Compound restart

Recovery often involves more than restarting a single component. The death of one component might actually require restarting and resetting many other components. We might also have to do some initial cleanup before the dead component is restarted.

A HAM lets you specify a list of actions that will be performed when a given condition is triggered. For example, suppose the entity being monitored is fs-nfs2, and there's a set of directories that have been mounted and are currently in use. If fs-nfs2 were to die, the simple restart of that component won't remount the directories and make them available again! We'd have to restart fs-nfs2, and then follow that up with the explicit mounting of the appropriate directories.

Similarly, if io-pkt* were to die, it would take down the network drivers and TCP/IP stack (npm-tcpip.so) with it. So restarting io-pkt* involves also reinitializing the network driver. Also, any other components that use the network connection will also need to be reset (like inetd) so that they can reestablish their connections again.

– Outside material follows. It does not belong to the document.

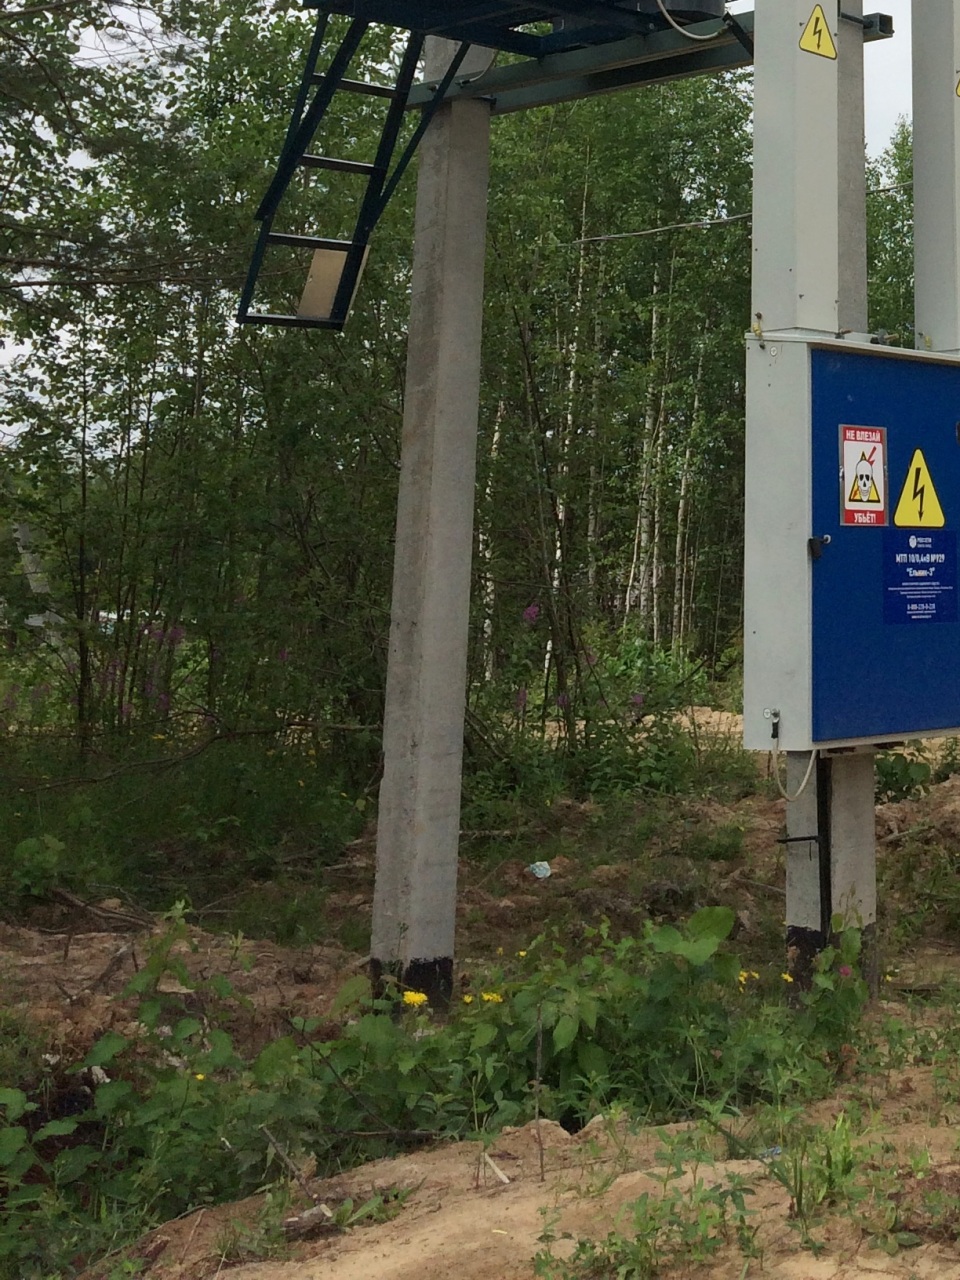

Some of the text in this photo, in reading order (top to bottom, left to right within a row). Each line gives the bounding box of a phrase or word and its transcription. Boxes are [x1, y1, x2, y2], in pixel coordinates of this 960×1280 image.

[846, 430, 880, 442] НЕ ВЛЕЗАЙ
[895, 553, 908, 563] МТП
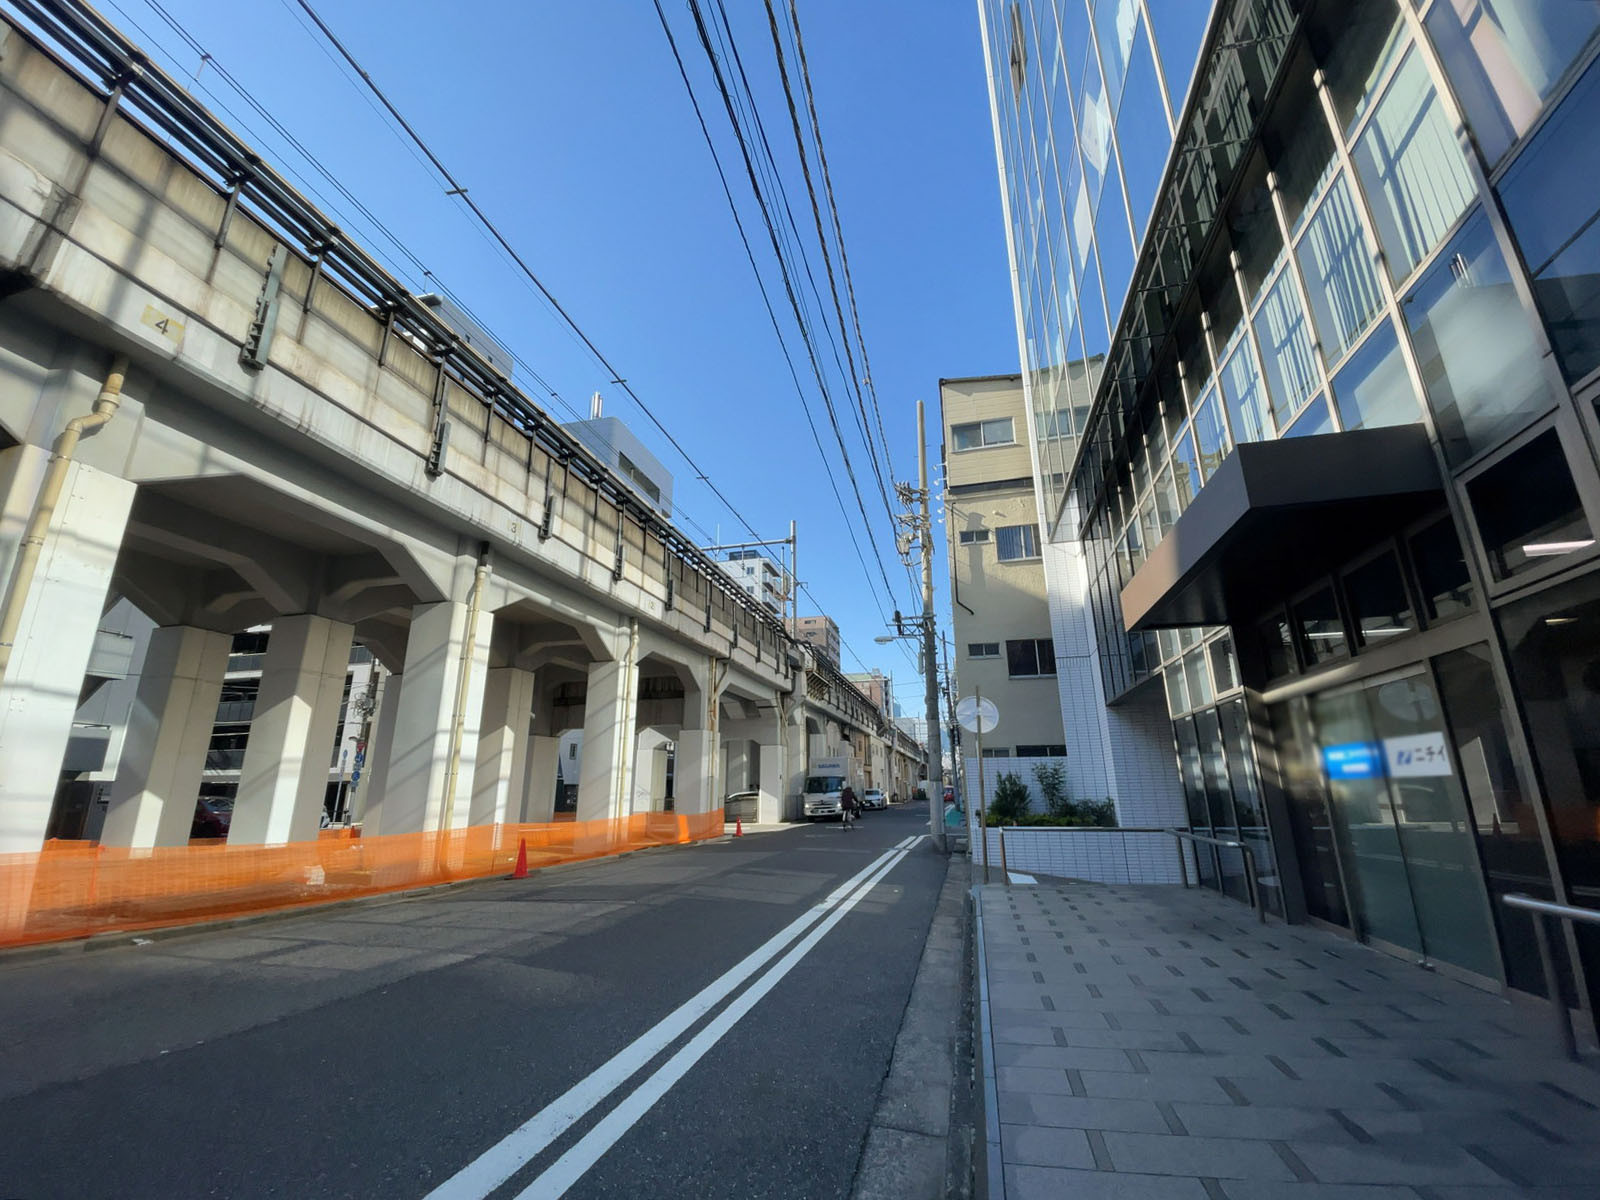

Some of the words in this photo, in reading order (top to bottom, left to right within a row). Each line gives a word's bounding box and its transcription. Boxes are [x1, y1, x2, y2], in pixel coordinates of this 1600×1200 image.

Consider the following example of performing a compound restart mechanism.

/* addnfs.c */

#include <stdio.h>
#include <string.h>
#include <stdlib.h>
#include <unistd.h>
#include <sys/stat.h>
#include <sys/netmgr.h>
#include <fcntl.h>
#include <ha/ham.h>

int main(int argc, char *argv[])
{
      int status;
    ham_entity_t *ehdl;
    ham_condition_t *chdl;
    ham_action_t *ahdl;
    char *fsnfspath;
    int fsnfs2pid;
    if (argc > 1) 
        fsnfspath = strdup(argv[1]);
    else
        fsnfspath = strdup("/usr/sbin/fs-nfs2");
    if (argc > 2) 
        fsnfs2pid = atoi(argv[2]);
    else
        fsnfs2pid = -1;
    ham_connect(0);
    ehdl = ham_attach("Fs-nfs2", ND_LOCAL_NODE, fsnfs2pid, fsnfspath, 0);
    if (ehdl != NULL)
    {
      chdl = ham_condition(ehdl,CONDDEATH, "Death", HREARMAFTERRESTART);
    if (chdl != NULL) {
        ahdl = ham_action_restart(chdl, "Restart", fsnfspath, 
                              HREARMAFTERRESTART);
          if (ahdl == NULL)    
              printf("add action failed\n");
            /* else {
          ahdl = ham_action_waitfor(chdl, "Delay1", NULL, 2000, HREARMAFTERRESTART);
            if (ahdl == NULL)    
                printf("add action failed\n");
          ahdl = ham_action_execute(chdl, "MountPPCBE", 
                  "/bin/mount -t nfs 10.12.1.115:/ppcbe /ppcbe",
                   HREARMAFTERRESTART|((fsnfs2pid == -1) ? HACTIONDONOW:0));
            if (ahdl == NULL)    
                printf("add action failed\n");
          ahdl = ham_action_waitfor(chdl, "Delay2", NULL, 2000, HREARMAFTERRESTART);
            if (ahdl == NULL)    
                printf("add action failed\n");
          ahdl = ham_action_execute(chdl, "MountWeb", 
          "/bin/mount -t nfs 10.12.1.115:/web /web",
           HREARMAFTERRESTART|((fsnfs2pid == -1) ? HACTIONDONOW:0));
            if (ahdl == NULL)    
                printf("add action failed\n");
            } */
        }
        else
            printf("add condition failed\n");
    }
    else
        printf("add entity failed\n");
    ham_disconnect(0);
    exit(0);
}

This example attaches fs-nfs2 as an entity, and then attaches a series of execute and waitfor actions to the condition death. When fs-nfs2 dies, HAM will restart it and also remount the remote directories that need to be remounted in sequence. Note that you can specify delays as actions and also wait for specific names to appear in the namespace.